◆ Directions for this task ◆
The complete listing should be copied out exactly.

◆ Records for this exercise ◆
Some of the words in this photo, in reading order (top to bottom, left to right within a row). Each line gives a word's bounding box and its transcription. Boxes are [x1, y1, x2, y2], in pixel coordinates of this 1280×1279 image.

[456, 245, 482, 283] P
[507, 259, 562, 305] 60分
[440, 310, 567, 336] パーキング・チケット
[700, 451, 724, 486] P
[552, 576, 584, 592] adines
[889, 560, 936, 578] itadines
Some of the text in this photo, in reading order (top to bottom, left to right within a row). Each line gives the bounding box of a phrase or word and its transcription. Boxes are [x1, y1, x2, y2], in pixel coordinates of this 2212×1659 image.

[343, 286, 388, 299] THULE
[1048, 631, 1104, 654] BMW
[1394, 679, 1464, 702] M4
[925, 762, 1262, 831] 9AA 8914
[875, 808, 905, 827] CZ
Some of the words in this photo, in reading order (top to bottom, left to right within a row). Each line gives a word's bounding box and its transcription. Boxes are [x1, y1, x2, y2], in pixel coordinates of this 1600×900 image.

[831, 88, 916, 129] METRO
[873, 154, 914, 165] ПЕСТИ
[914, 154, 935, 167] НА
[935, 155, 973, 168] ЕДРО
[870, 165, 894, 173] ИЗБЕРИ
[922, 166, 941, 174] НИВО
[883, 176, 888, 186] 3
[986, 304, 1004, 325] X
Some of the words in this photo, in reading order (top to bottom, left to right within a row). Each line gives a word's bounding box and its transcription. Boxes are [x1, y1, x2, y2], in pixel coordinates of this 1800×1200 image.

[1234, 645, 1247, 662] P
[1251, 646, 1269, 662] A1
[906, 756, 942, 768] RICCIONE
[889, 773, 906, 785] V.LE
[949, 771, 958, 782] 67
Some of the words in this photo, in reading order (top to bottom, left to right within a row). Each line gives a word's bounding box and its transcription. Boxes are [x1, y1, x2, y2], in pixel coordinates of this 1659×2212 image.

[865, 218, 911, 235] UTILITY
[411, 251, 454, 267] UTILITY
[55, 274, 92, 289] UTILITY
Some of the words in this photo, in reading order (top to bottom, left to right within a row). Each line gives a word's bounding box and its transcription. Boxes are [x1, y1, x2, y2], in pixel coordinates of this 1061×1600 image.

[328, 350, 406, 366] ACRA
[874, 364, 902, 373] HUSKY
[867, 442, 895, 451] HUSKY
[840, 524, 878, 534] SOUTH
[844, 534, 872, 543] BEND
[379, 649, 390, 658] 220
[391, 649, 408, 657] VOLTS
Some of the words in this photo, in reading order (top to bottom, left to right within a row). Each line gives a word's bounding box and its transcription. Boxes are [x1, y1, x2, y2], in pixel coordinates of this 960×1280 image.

◆ Answer to this exercise ◆
Some of the words in this photo, in reading order (top to bottom, left to right within a row). Each line gives a word's bounding box and its transcription. Boxes are [x1, y1, x2, y2], in pixel coordinates of this 1280×1279 image.

[456, 245, 482, 283] P
[507, 259, 562, 305] 60分
[440, 310, 567, 336] パーキング・チケット
[700, 451, 724, 486] P
[552, 576, 584, 592] adines
[889, 560, 936, 578] itadines
Some of the text in this photo, in reading order (top to bottom, left to right within a row). Each line gives the bounding box of a phrase or word and its transcription. Boxes are [x1, y1, x2, y2], in pixel coordinates of this 2212×1659 image.

[343, 286, 388, 299] THULE
[1048, 631, 1104, 654] BMW
[1394, 679, 1464, 702] M4
[925, 762, 1262, 831] 9AA 8914
[875, 808, 905, 827] CZ
Some of the words in this photo, in reading order (top to bottom, left to right within a row). Each line gives a word's bounding box and its transcription. Boxes are [x1, y1, x2, y2], in pixel coordinates of this 1600×900 image.

[831, 88, 916, 129] METRO
[873, 154, 914, 165] ПЕСТИ
[914, 154, 935, 167] НА
[935, 155, 973, 168] ЕДРО
[870, 165, 894, 173] ИЗБЕРИ
[922, 166, 941, 174] НИВО
[883, 176, 888, 186] 3
[986, 304, 1004, 325] X
Some of the words in this photo, in reading order (top to bottom, left to right within a row). Each line gives a word's bounding box and its transcription. Boxes are [x1, y1, x2, y2], in pixel coordinates of this 1800×1200 image.

[1234, 645, 1247, 662] P
[1251, 646, 1269, 662] A1
[906, 756, 942, 768] RICCIONE
[889, 773, 906, 785] V.LE
[949, 771, 958, 782] 67
Some of the words in this photo, in reading order (top to bottom, left to right within a row). Each line gives a word's bounding box and its transcription. Boxes are [x1, y1, x2, y2], in pixel coordinates of this 1659×2212 image.

[865, 218, 911, 235] UTILITY
[411, 251, 454, 267] UTILITY
[55, 274, 92, 289] UTILITY
Some of the words in this photo, in reading order (top to bottom, left to right within a row). Each line gives a word's bounding box and its transcription. Boxes are [x1, y1, x2, y2], in pixel coordinates of this 1061×1600 image.

[328, 350, 406, 366] ACRA
[874, 364, 902, 373] HUSKY
[867, 442, 895, 451] HUSKY
[840, 524, 878, 534] SOUTH
[844, 534, 872, 543] BEND
[379, 649, 390, 658] 220
[391, 649, 408, 657] VOLTS
Some of the words in this photo, in reading order (top to bottom, left to right within a row). Each line gives a word's bounding box and its transcription. Boxes are [x1, y1, x2, y2], in pixel coordinates of this 960×1280 image.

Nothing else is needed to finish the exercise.